Rebecca eyed the slim glass weapon. “I’m sorry. It was me that let him into the house.”

He stared. Even her voice was different. “He and I are friends. It’s a long story. But I know about the mirror, and well, Maskelyne’s not dangerous. He just wants what’s his.”

“Don’t we all.” Wharton took a step closer. He looked closely at the man. “I remember you. You were on the plane. You followed us here.”

“I did.”

“Are you really the one in the journal? All that time ago?”

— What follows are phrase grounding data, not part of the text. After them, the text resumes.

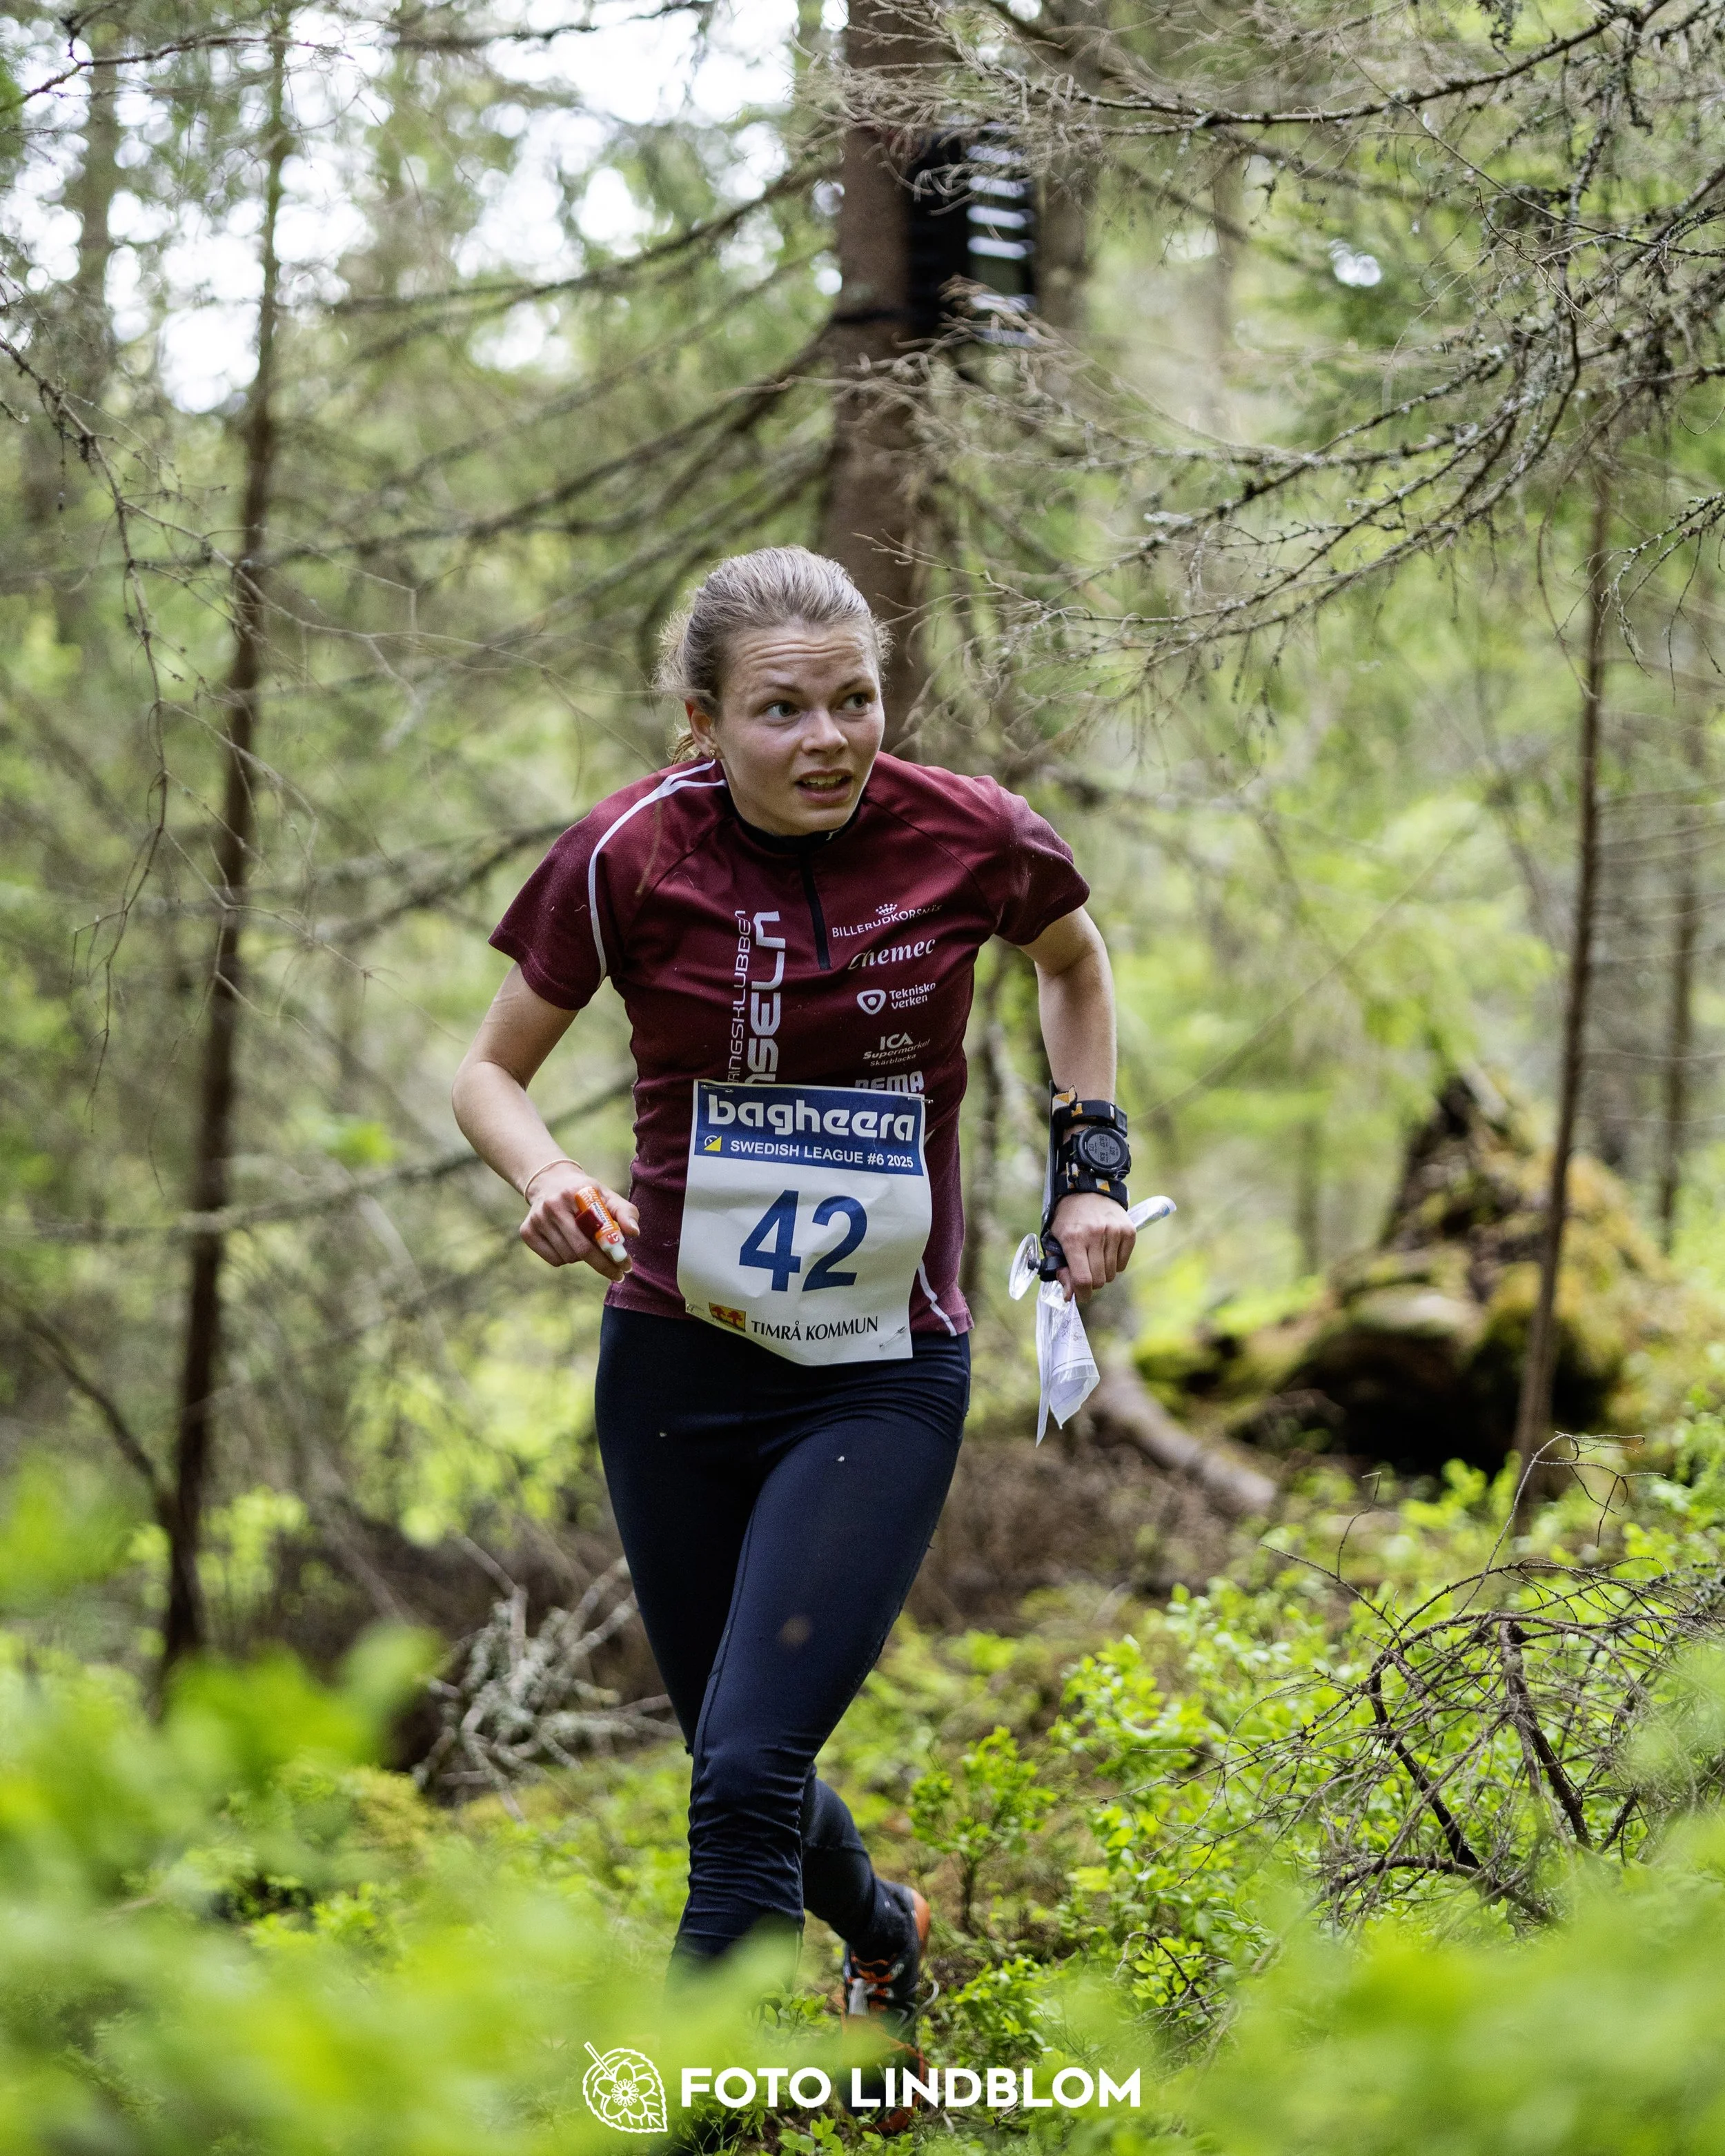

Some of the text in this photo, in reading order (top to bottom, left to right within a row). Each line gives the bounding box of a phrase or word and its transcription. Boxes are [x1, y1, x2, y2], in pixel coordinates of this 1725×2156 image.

[727, 910, 751, 1083] RINGSKLUBBEN
[891, 994, 928, 1010] verken
[862, 1038, 931, 1060] Supermarket
[880, 1032, 914, 1051] ICA
[869, 1054, 917, 1067] Skärblacka
[708, 1094, 916, 1142] bagheera
[730, 1140, 914, 1168] SWEDISH LEAGUE #6 2025
[738, 1189, 868, 1292] 42
[751, 1316, 878, 1341] TIMRÅ KOMMUN

Maskelyne shrugged. He looked wary.

“Well, then you can operate this thing! Get Jake back?”

“Maybe. At a price.”

They exchanged a long glance. Wharton said, “I have no idea what to do here. They’re all gone, even Piers seems to have vanished. There’s only me left to guard this thing, and I don’t know the first thing about it. I need help.”

Maskelyne faced him. His eyes were dark and troubled. “If I get them back, I take the mirror. It will be best—for Jake, and Venn.”

“They won’t think so.” Wharton frowned, blew out his cheeks, glanced at Rebecca. “I must be mad to trust you two, but do it. Do what you can.”

Rebecca laughed in relief. Maskelyne said, “I’ll try.”

Wharton turned.

“Where are you going?” Rebecca said, alarmed.

“To get Sarah. I think we need to be all together.”

Venn walked into the drawing room and saw a stout man in a red dressing gown standing before the fire in a hastily adopted pose. His mustache was bushy, his face florid.

He held the visiting card in his hand.

Venn said, “Mr. John Harcourt Symmes?”

“Who on earth are you?” The voice was peevish and suspicious. Symmes held up the card. “What is the meaning of this? This is the card of a fellow member of the Royal Society; I know him well, and you, sir, are an imposter.”

“My name’s Oberon Venn. We’re not acquainted. I’m an explorer and some say, a man of science.”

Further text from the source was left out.